*Task objective*: Print all the data below exactly, without images.

*Given records*:

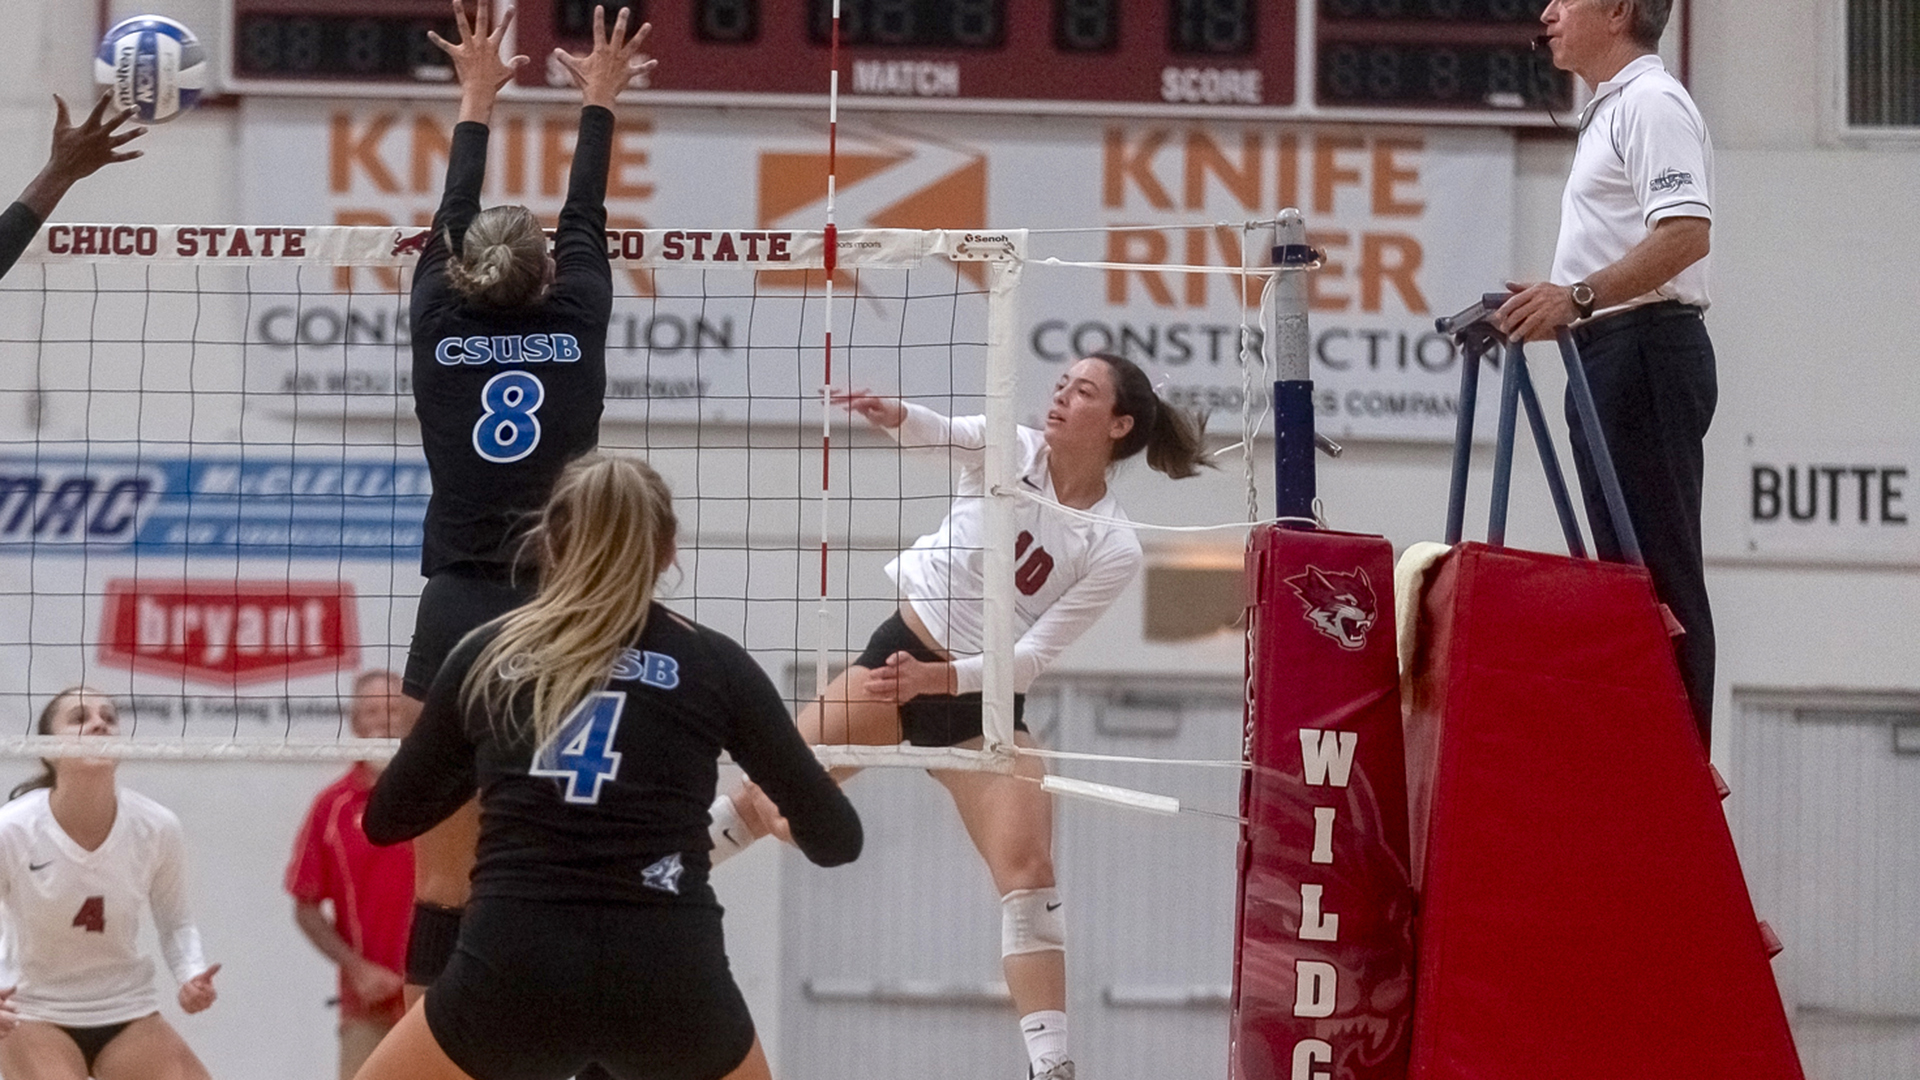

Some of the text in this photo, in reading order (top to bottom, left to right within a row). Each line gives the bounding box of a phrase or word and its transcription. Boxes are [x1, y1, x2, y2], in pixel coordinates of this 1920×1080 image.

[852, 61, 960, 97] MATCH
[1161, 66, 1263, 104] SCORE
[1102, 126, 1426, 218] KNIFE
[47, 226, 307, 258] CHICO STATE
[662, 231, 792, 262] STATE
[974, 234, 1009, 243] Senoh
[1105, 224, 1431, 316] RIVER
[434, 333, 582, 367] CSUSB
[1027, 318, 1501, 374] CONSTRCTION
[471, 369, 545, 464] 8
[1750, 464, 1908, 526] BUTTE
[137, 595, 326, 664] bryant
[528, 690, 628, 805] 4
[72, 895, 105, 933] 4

*Task response*:
Some of the text in this photo, in reading order (top to bottom, left to right within a row). Each line gives the bounding box of a phrase or word and its transcription. Boxes are [x1, y1, x2, y2], in pixel coordinates of this 1920×1080 image.

[852, 61, 960, 97] MATCH
[1161, 66, 1263, 104] SCORE
[1102, 126, 1426, 218] KNIFE
[47, 226, 307, 258] CHICO STATE
[662, 231, 792, 262] STATE
[974, 234, 1009, 243] Senoh
[1105, 224, 1431, 316] RIVER
[434, 333, 582, 367] CSUSB
[1027, 318, 1501, 374] CONSTRCTION
[471, 369, 545, 464] 8
[1750, 464, 1908, 526] BUTTE
[137, 595, 326, 664] bryant
[528, 690, 628, 805] 4
[72, 895, 105, 933] 4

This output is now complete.